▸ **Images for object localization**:
----------------------------------------
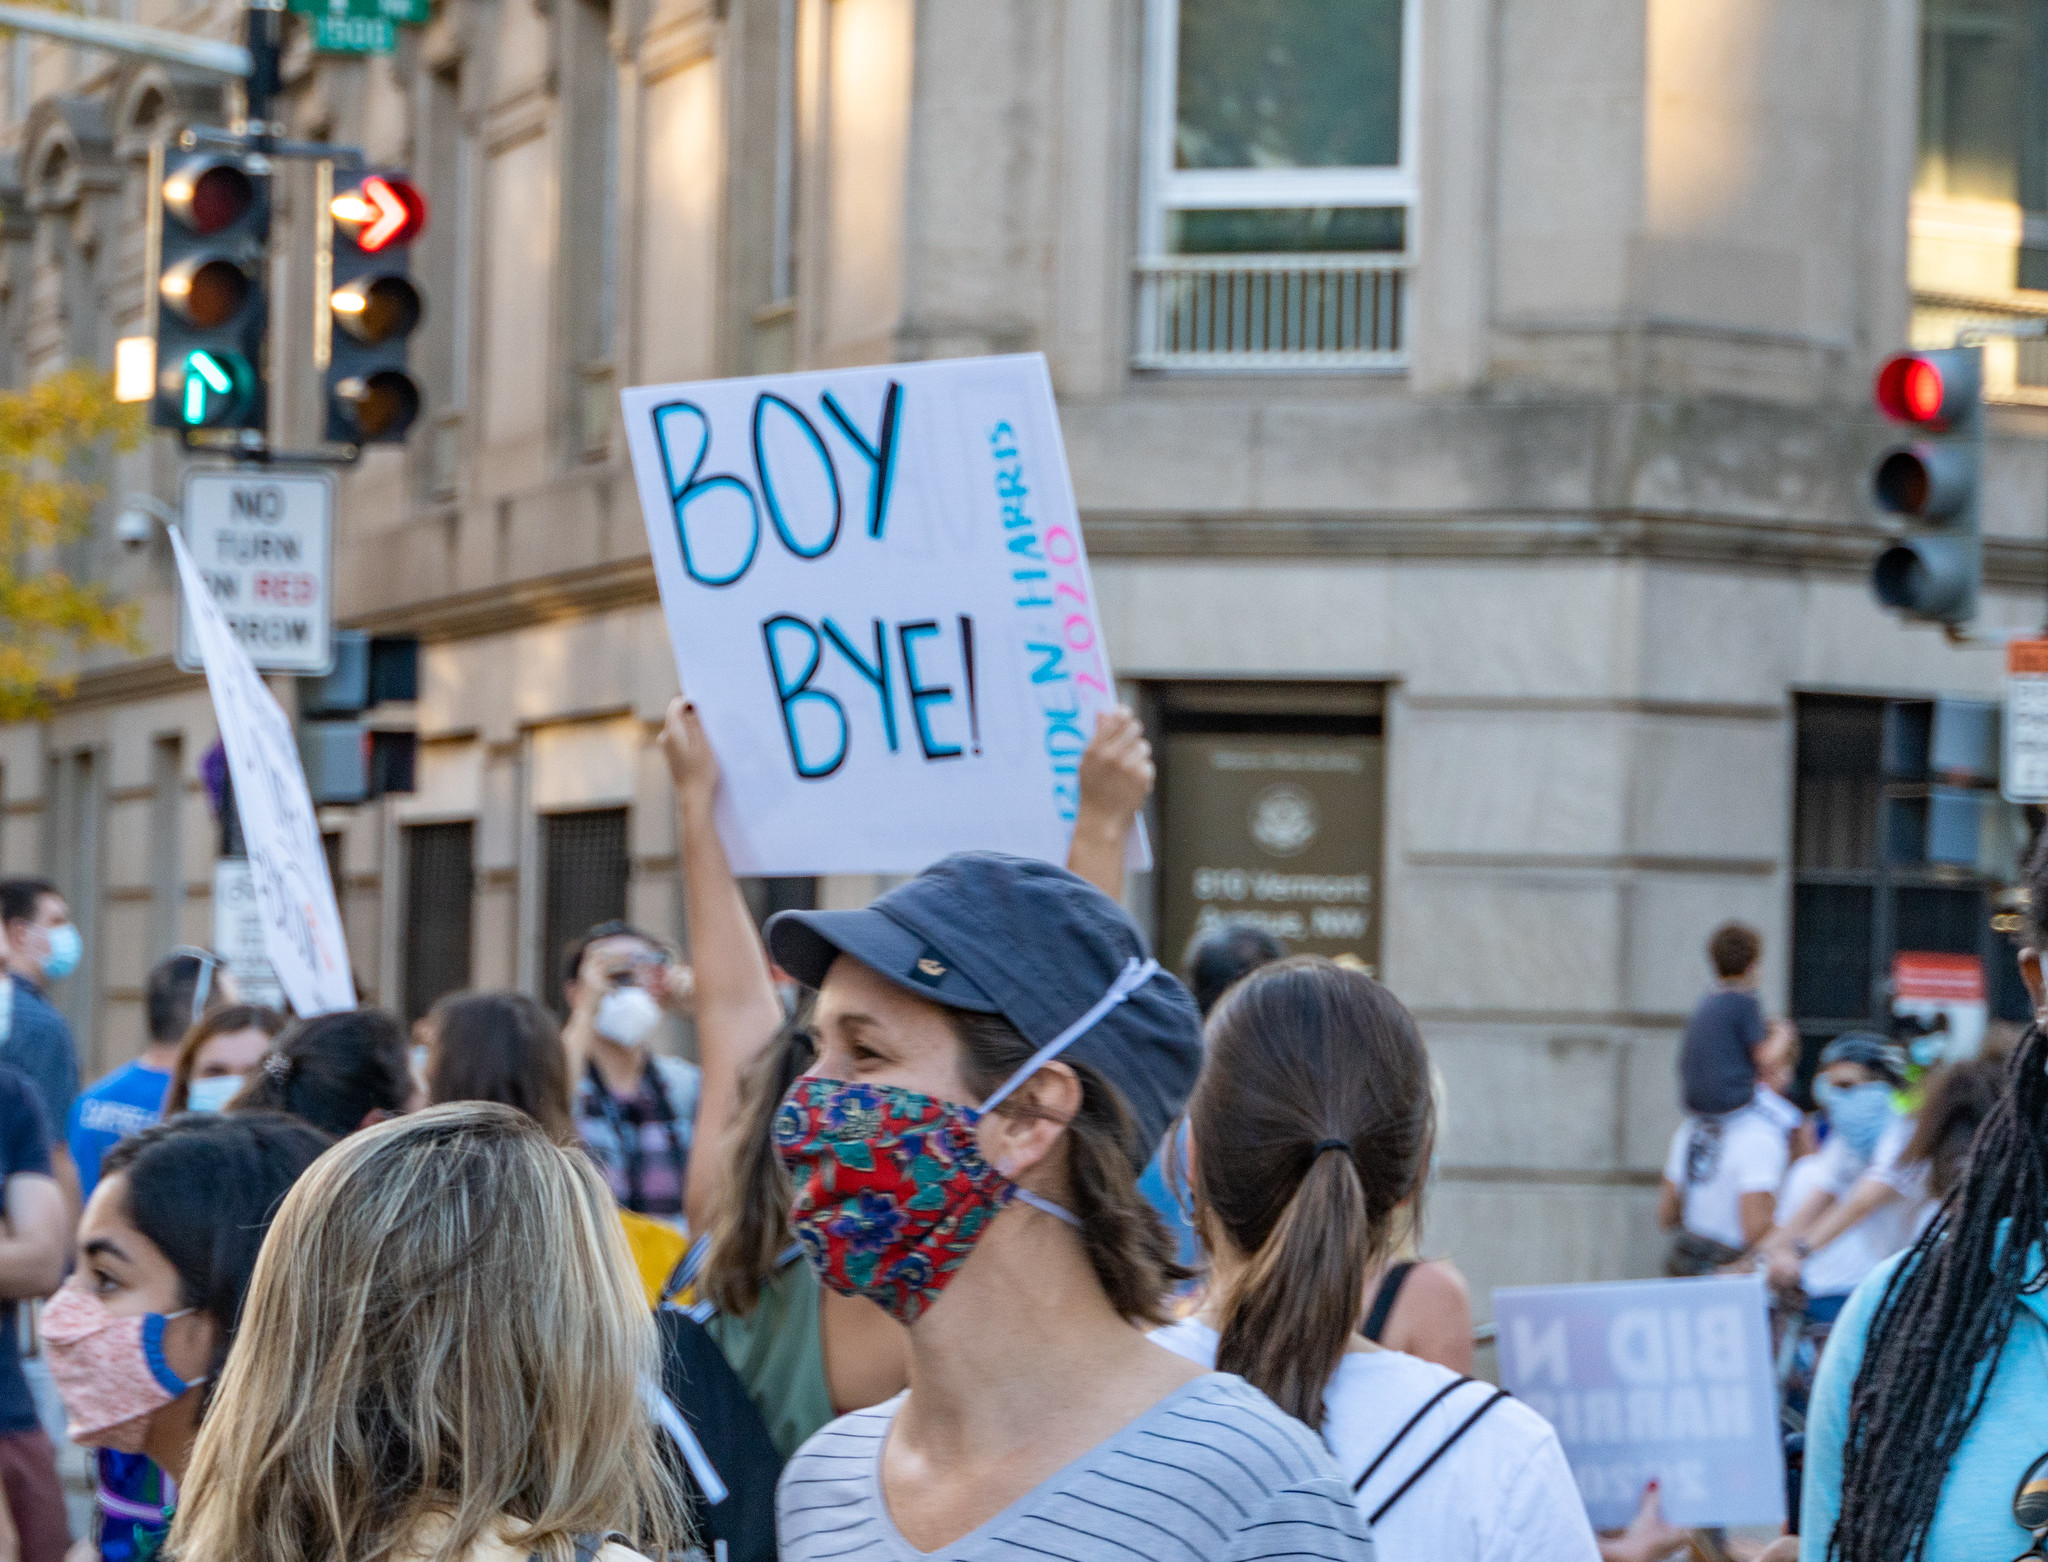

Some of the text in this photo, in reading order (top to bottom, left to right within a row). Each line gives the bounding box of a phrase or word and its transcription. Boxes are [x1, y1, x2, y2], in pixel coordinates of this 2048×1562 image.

[231, 486, 285, 524] NO
[650, 379, 905, 589] BOY
[985, 418, 1055, 608] HARRIS
[216, 530, 302, 565] TURN
[253, 570, 317, 606] RED
[225, 612, 313, 648] RROW
[1043, 523, 1107, 703] 2020
[760, 613, 981, 779] BYE!
----------------------------------------
▸ **What the task requires**: For this exercise, copy the entries above exactly and skip any picture.

▸ **Response below**:
Some of the text in this photo, in reading order (top to bottom, left to right within a row). Each line gives the bounding box of a phrase or word and its transcription. Boxes are [x1, y1, x2, y2], in pixel coordinates of this 2048×1562 image.

[231, 486, 285, 524] NO
[650, 379, 905, 589] BOY
[985, 418, 1055, 608] HARRIS
[216, 530, 302, 565] TURN
[253, 570, 317, 606] RED
[225, 612, 313, 648] RROW
[1043, 523, 1107, 703] 2020
[760, 613, 981, 779] BYE!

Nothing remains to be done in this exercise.